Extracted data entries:

━━━━━━

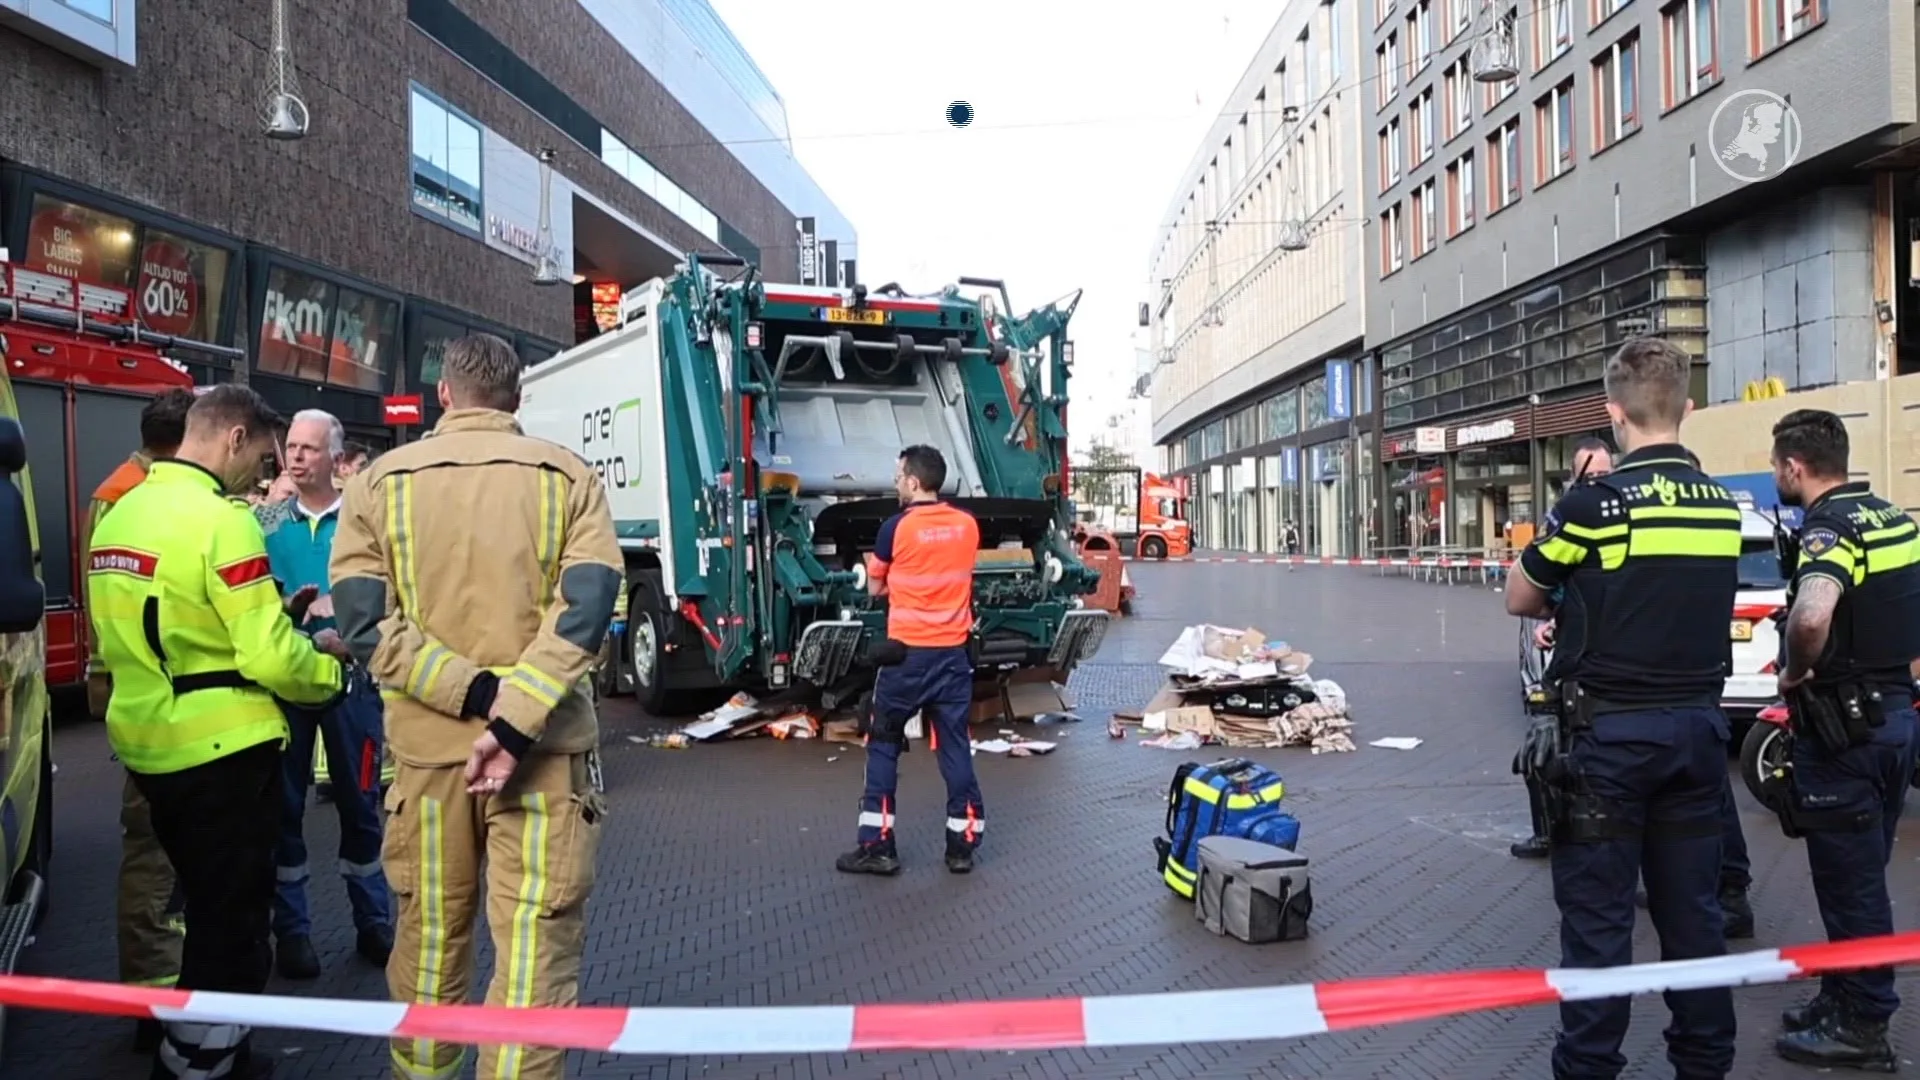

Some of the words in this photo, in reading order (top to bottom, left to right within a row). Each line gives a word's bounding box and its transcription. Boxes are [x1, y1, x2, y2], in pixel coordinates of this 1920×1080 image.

[53, 226, 72, 245] BIG
[144, 261, 171, 280] ALTIJD
[172, 269, 188, 284] TOT
[143, 278, 188, 316] 60%
[583, 407, 611, 454] pre
[587, 456, 627, 489] ero
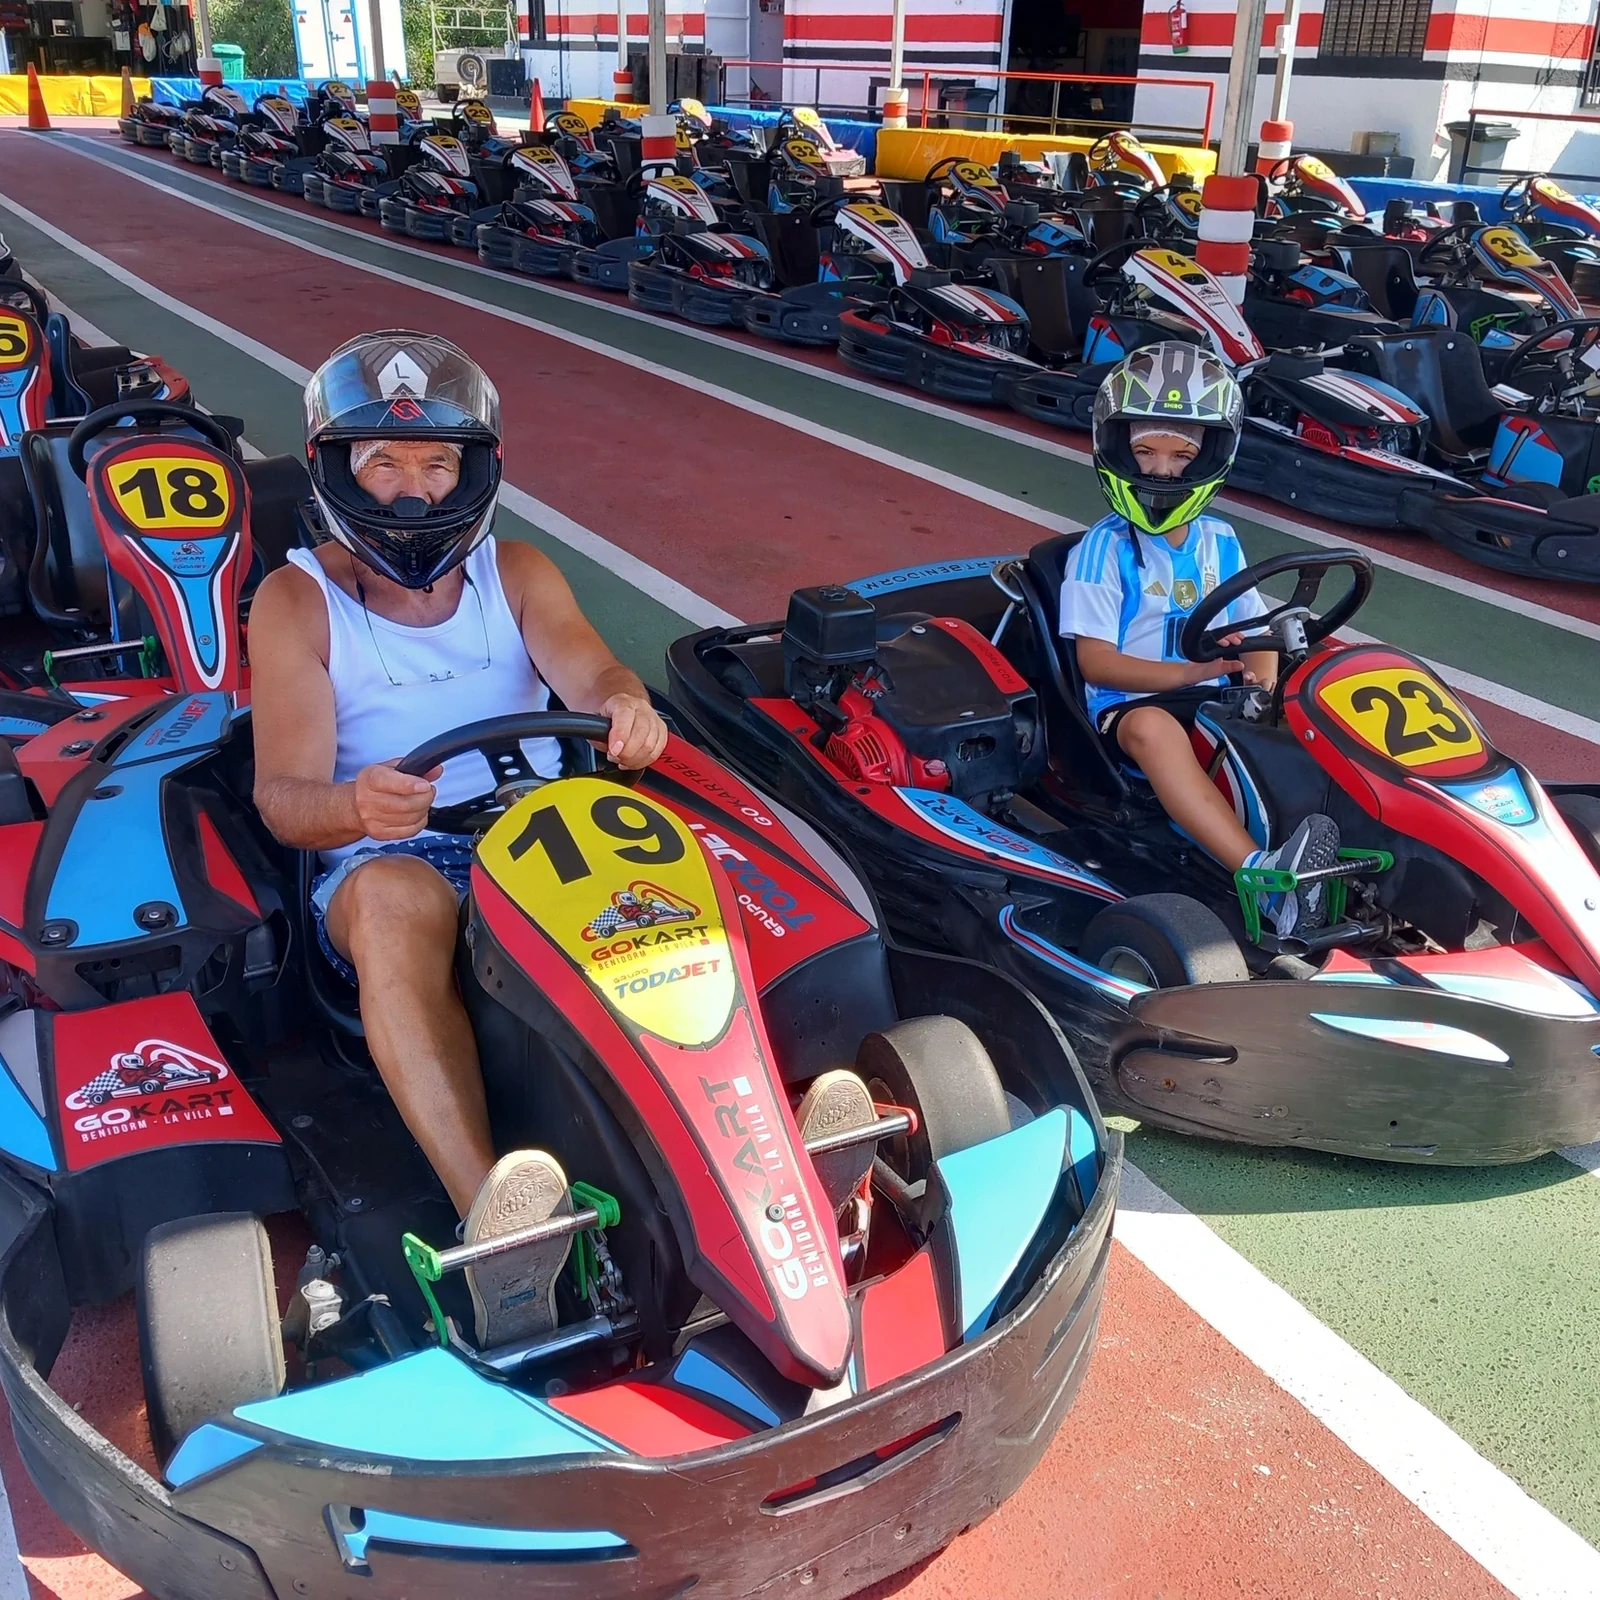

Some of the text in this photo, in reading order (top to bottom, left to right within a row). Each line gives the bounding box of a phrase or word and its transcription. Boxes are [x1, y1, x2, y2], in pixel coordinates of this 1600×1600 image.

[468, 108, 490, 119] 29
[561, 119, 585, 130] 36
[790, 144, 819, 158] 32
[672, 178, 685, 186] 5
[960, 167, 993, 181] 34
[866, 206, 884, 216] 1
[1166, 254, 1187, 268] 4
[1490, 236, 1534, 258] 35
[1163, 402, 1184, 410] SHIRO
[118, 467, 226, 519] 18
[158, 698, 212, 746] TODAJET
[1350, 680, 1472, 758] 23
[660, 753, 773, 826] GOKARTBEN
[507, 794, 686, 886] 19
[915, 798, 1030, 853] GOKART
[738, 894, 786, 938] GRUPO
[591, 925, 708, 961] GOKART
[598, 950, 647, 971] BENIDORM
[659, 944, 670, 953] LA
[675, 940, 695, 949] VILA
[613, 968, 649, 983] GRUPO
[614, 959, 720, 999] TODAJET
[73, 1089, 234, 1132] GOKART
[81, 1120, 148, 1143] BENIDORM
[164, 1114, 179, 1125] LA
[184, 1109, 212, 1122] VILA
[745, 1103, 772, 1144] VILA
[763, 1149, 784, 1172] LA
[698, 1075, 808, 1300] GOKART
[780, 1193, 828, 1288] BENIDORM

━━━━━━

● What this task involves
Return all the data exactly, pictures omitted.

● Task answer
Some of the words in this photo, in reading order (top to bottom, left to right within a row). Each line gives a word's bounding box and its transcription. Boxes are [x1, y1, x2, y2], in pixel coordinates of this 1920×1080 image.

[53, 226, 72, 245] BIG
[144, 261, 171, 280] ALTIJD
[172, 269, 188, 284] TOT
[143, 278, 188, 316] 60%
[583, 407, 611, 454] pre
[587, 456, 627, 489] ero

Some of the text in this photo, in reading order (top to bottom, left to right within a row). Each line gives the bounding box of a phrase or word and its transcription. Boxes are [x1, y1, x2, y2], in pixel coordinates of this 1600×1600 image.

[468, 108, 490, 119] 29
[561, 119, 585, 130] 36
[790, 144, 819, 158] 32
[672, 178, 685, 186] 5
[960, 167, 993, 181] 34
[866, 206, 884, 216] 1
[1166, 254, 1187, 268] 4
[1490, 236, 1534, 258] 35
[1163, 402, 1184, 410] SHIRO
[118, 467, 226, 519] 18
[158, 698, 212, 746] TODAJET
[1350, 680, 1472, 758] 23
[660, 753, 773, 826] GOKARTBEN
[507, 794, 686, 886] 19
[915, 798, 1030, 853] GOKART
[738, 894, 786, 938] GRUPO
[591, 925, 708, 961] GOKART
[598, 950, 647, 971] BENIDORM
[659, 944, 670, 953] LA
[675, 940, 695, 949] VILA
[613, 968, 649, 983] GRUPO
[614, 959, 720, 999] TODAJET
[73, 1089, 234, 1132] GOKART
[81, 1120, 148, 1143] BENIDORM
[164, 1114, 179, 1125] LA
[184, 1109, 212, 1122] VILA
[745, 1103, 772, 1144] VILA
[763, 1149, 784, 1172] LA
[698, 1075, 808, 1300] GOKART
[780, 1193, 828, 1288] BENIDORM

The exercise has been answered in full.